A friend of mine has a "Far Side" coffee mug on which is displayed a colorful cartoon depicting Moses and an apparently hesitant group of Israelites standing before a freshly parted Red Sea. The caption, conveying Moses' words to the people, reads: "What do you mean it's a bit icky?!" I love that mug. It brings out and throws into sharp relief an element of the human heart that we know all too well: small-minded ingratitude. No sooner do we recognize God for having done something extraordinary in our lives than we start harboring second thoughts and focus in on the details of what could be better about God's provision.

At the same time, the mug also raises an interesting historical question. When Moses parted the Red Sea on the night of the Exodus, assuming that the exposed mudflats were indeed "a bit icky," just how icky were they? Did the crossing Israelites sink ankle-deep in the mud bottom, or was there much less moisture than that, allowing them to walk along on virtually arid ground? And if you were there, would you have actually met members of the Israelite party who, frightened at the prospect of walking between the parted waters, had to be talked into it? And if so, what would they have said about the icky bottom? Nothing at all? Maybe, for all we know, some Israelites, perhaps small children, could not help but comment on the ick-factor of the Red Sea floor. We will never know. There is a lot that we will never know about the Exodus. But we can pay close attention to what we do know from the biblical text and employ along the way a historically responsible imagination.

Let me unpack that last phrase. First of all, by "historically responsible," I refer to that which is answerable to the constraints of history. Simply put: As readers of the Bible, we have to take its contents seriously as history. Now before you nod too quickly in agreement, let me explain exactly what I mean. Over the years, I have met countless Christians who agree with the authority of the Bible in principle and agree that its contents "really happened" but at the same time do not really take the story of the Bible seriously as history. Here's how I know. Because when they talk about things like the Ten Plagues or the parting of the Red Sea, I realize that they often have not allowed themselves to ask good questions of the text, questions such as, "When God sent plagues of various animals, was the choice of animal completely arbitrary?" or "Do the laws of hydrodynamics actually allow for the theoretical possibility of the sea parting?" Time and time again I am astonished when I meet people who, despite being extremely well educated, highly successful in their fields, and intellectually curious in regards to "real world" issues, fail to get beyond a second-grade level in terms of their understanding of biblical history. Regarding all things biblical, it is as if they are intellectually stuck in Miss Magillacutty's Sunday school class from thirty or forty years ago.

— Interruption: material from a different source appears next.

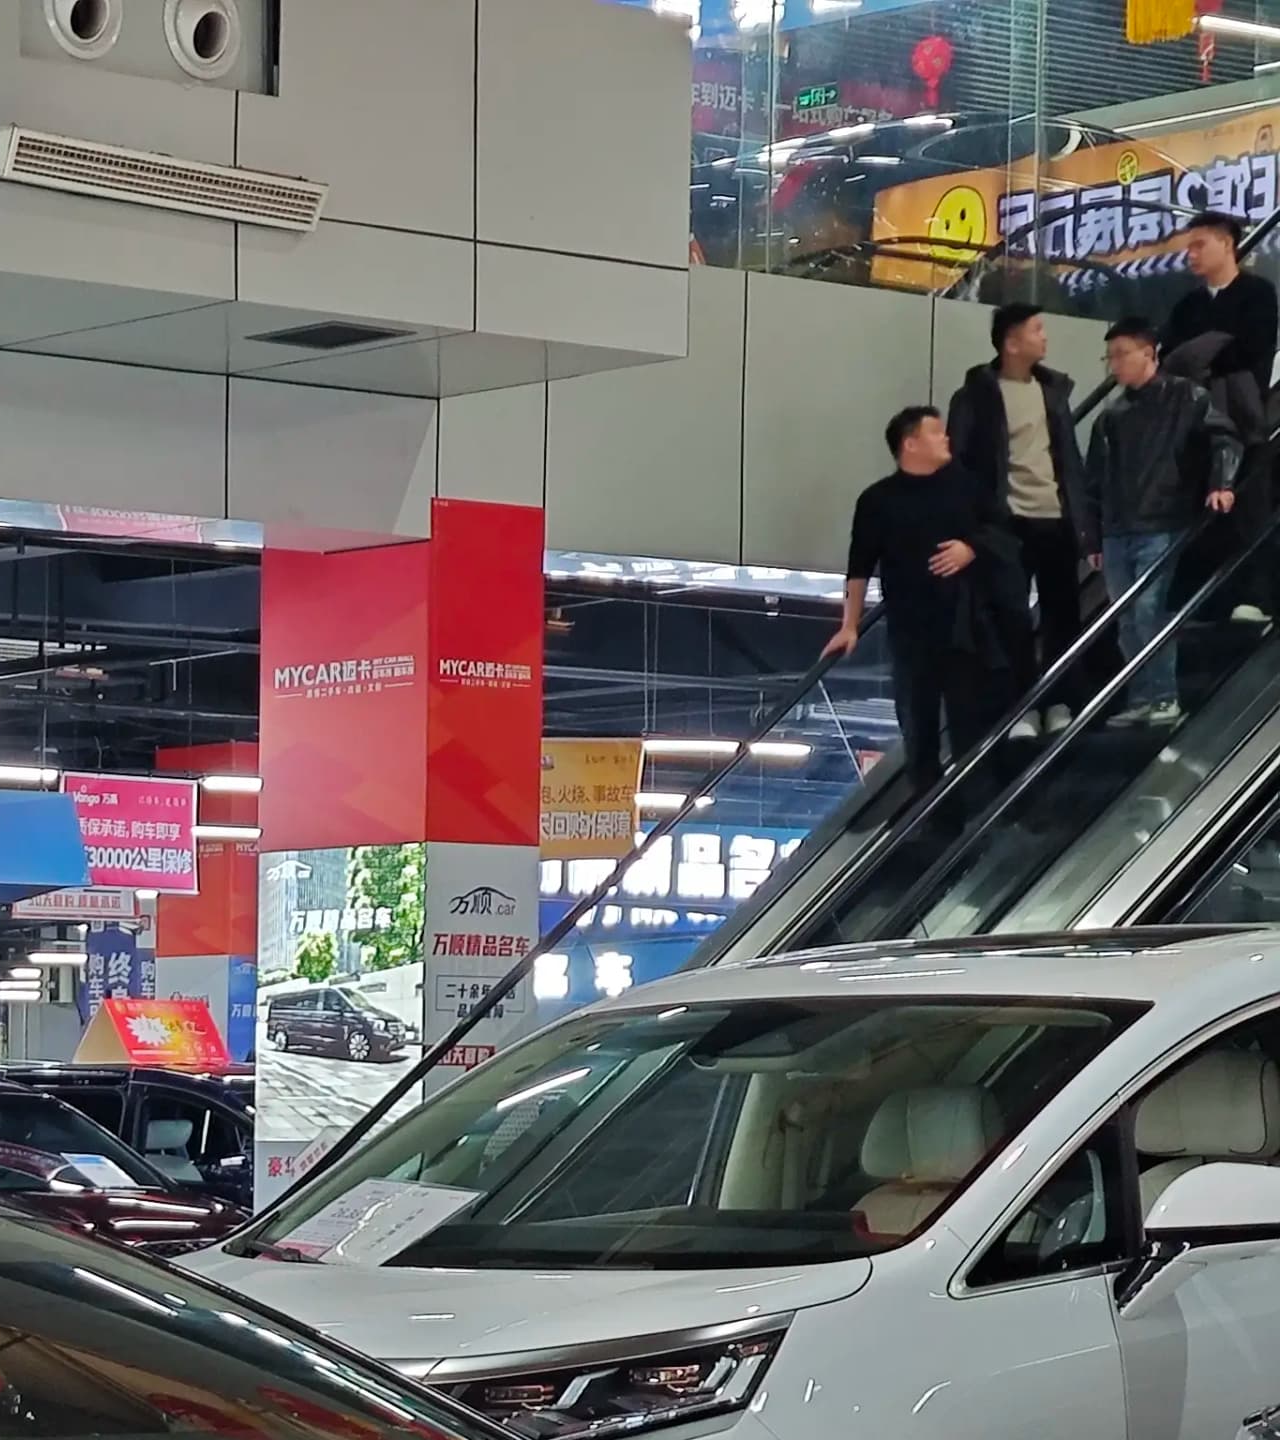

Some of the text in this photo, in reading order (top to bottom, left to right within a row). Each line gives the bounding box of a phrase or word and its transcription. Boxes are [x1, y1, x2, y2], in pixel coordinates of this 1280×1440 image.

[84, 847, 192, 874] 30000公里保修
[433, 934, 530, 957] 万顺精品名车

The truth is that Miss Magillacutty never encouraged you to ask, "Do the laws of hydrodynamics actually allow for the theoretical possibility of a sea parting?" Of course that wasn't her fault. She was just doing her job, spiritually nurturing you when you were still learning to tie your shoes. But perhaps you have picked up this book because you realize you need to go deeper. The Apostle Paul says, "When I was a child, I thought like a child and I reasoned like a child; when I became an adult, I put an end to childish things" (1 Corinthians 13:11). Perhaps you are reading this book because you want to get past childish ways of thinking in considering the Exodus. If this happens to be you, you should be commended. Whether you are casually interested or highly interested in the Exodus, I believe that undertaking learning projects like these are just part of what it means to love God with your mind. While this book certainly cannot answer all of the questions raised by the second book of the Bible, it will be, I hope, a good start.

Let me come back to the phrase, "historically responsible imagination" and focus on the last word of the phrase. Sometimes folks get nervous with the word imagination. They want (with echoes of Sergeant Joe Friday) "just the facts, Ma'am." They might say, "Don't muddy the waters by bringing imagination into it." I want to push back on this line of thinking; I want to engage people's imagination about the Exodus. The best way I know how to do this is to engage my own imagination a bit and then talk about it. Some say that this means taking liberties with the text. But the very nature of reading the Bible actually requires us to connect dots, and once we begin to connect the dots, we are using our imagination.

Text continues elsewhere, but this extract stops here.